Frente a este supuesto estado de naturaleza, el hecho es que los hombres se encuentran viviendo en sociedad o en estado social, aunque no sabemos exactamente cuándo se produjo el paso de un estado a otro. Lo que sí podemos afirmar, según Rousseau, es que con la aparición de la historia y de la sociedad surgieron nuevas pasiones y necesidades, que les arrastraron hacia la vanidad, el lujo y la riqueza.

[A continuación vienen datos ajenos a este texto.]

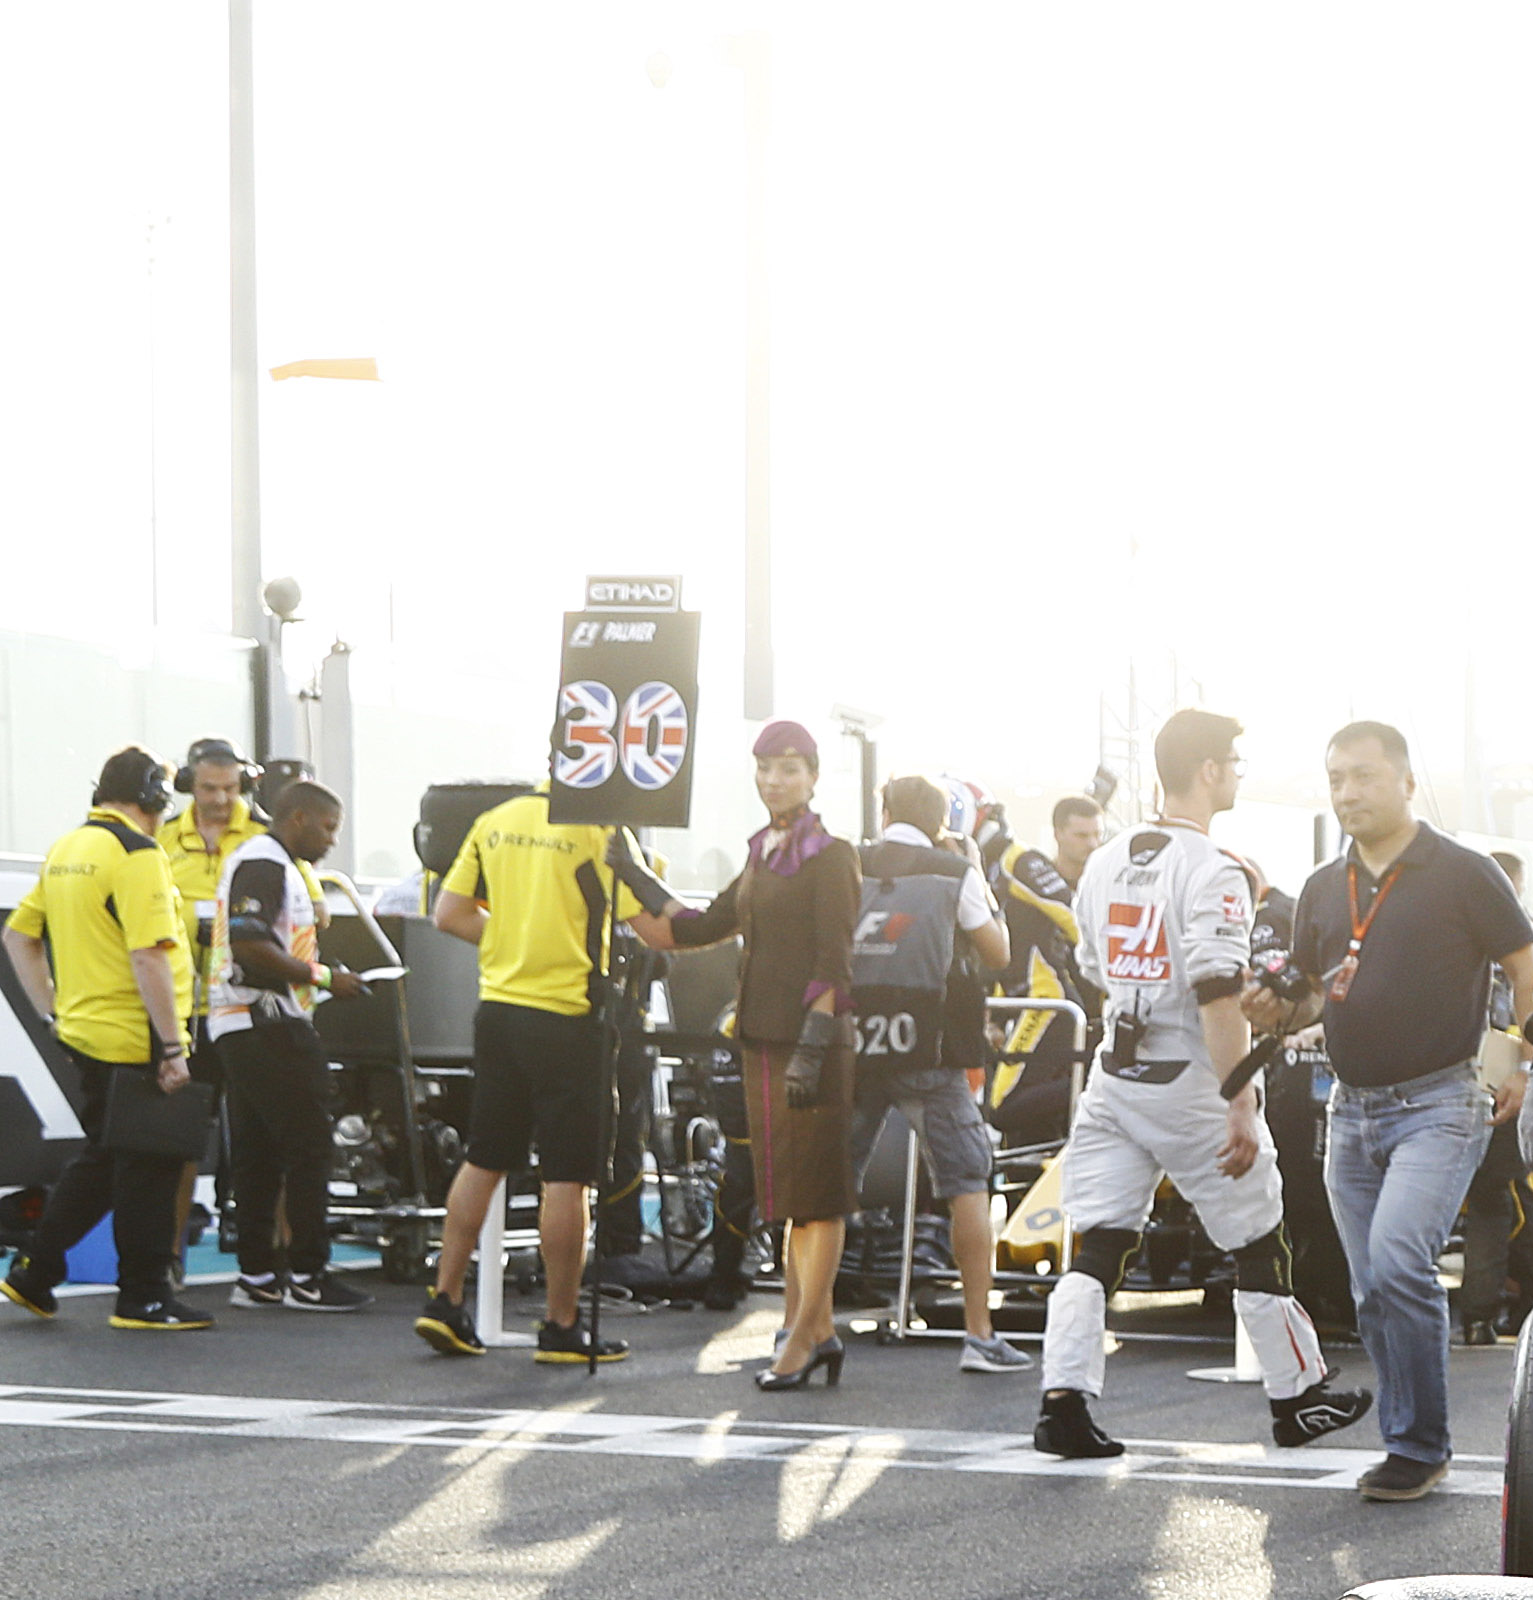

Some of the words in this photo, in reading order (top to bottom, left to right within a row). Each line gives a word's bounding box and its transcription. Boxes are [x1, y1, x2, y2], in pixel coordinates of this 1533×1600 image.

El pensador ginebrino señaló que la causa que dio lugar a la sociedad es la propiedad privada. Apuntó que la propiedad privada comenzó con el primer hombre que marcó un territorio, lo rodeó con una cerca, dijo «esto es mío», y a continuación esa nueva situación fue aceptada por los demás. A partir de entonces surgieron las desigualdades entre los hombres, que eran enteramente desconocidas en el estado de naturaleza, y aparecieron dos pasiones nuevas, la ambición y el deseo de riqueza, que condujeron al estado de guerra de unos contra otros. Se podría decir a este respecto que, mientras según Hobbes la violencia entre los hombres se produce en el estado de naturaleza, para Rousseau esta es provocada más bien en el estado social a causa de la propiedad privada.

No es que no hubiera existido ninguna desigualdad en el estado de naturaleza, sino que en aquel estado se trataba de una desigualdad natural, que venía dada necesariamente y, por consiguiente, solo cabía aceptarla. La que Rousseau reprueba es la desigualdad política, provocada por los hombres al implantar gobiernos y dictar leyes. Sin embargo, no afirmaba con esto que todos los gobiernos fueran arbitrarios y favorecieran a los poderosos, sino que, de hecho, se habían ido corrompiendo y habían fomentado las desigualdades.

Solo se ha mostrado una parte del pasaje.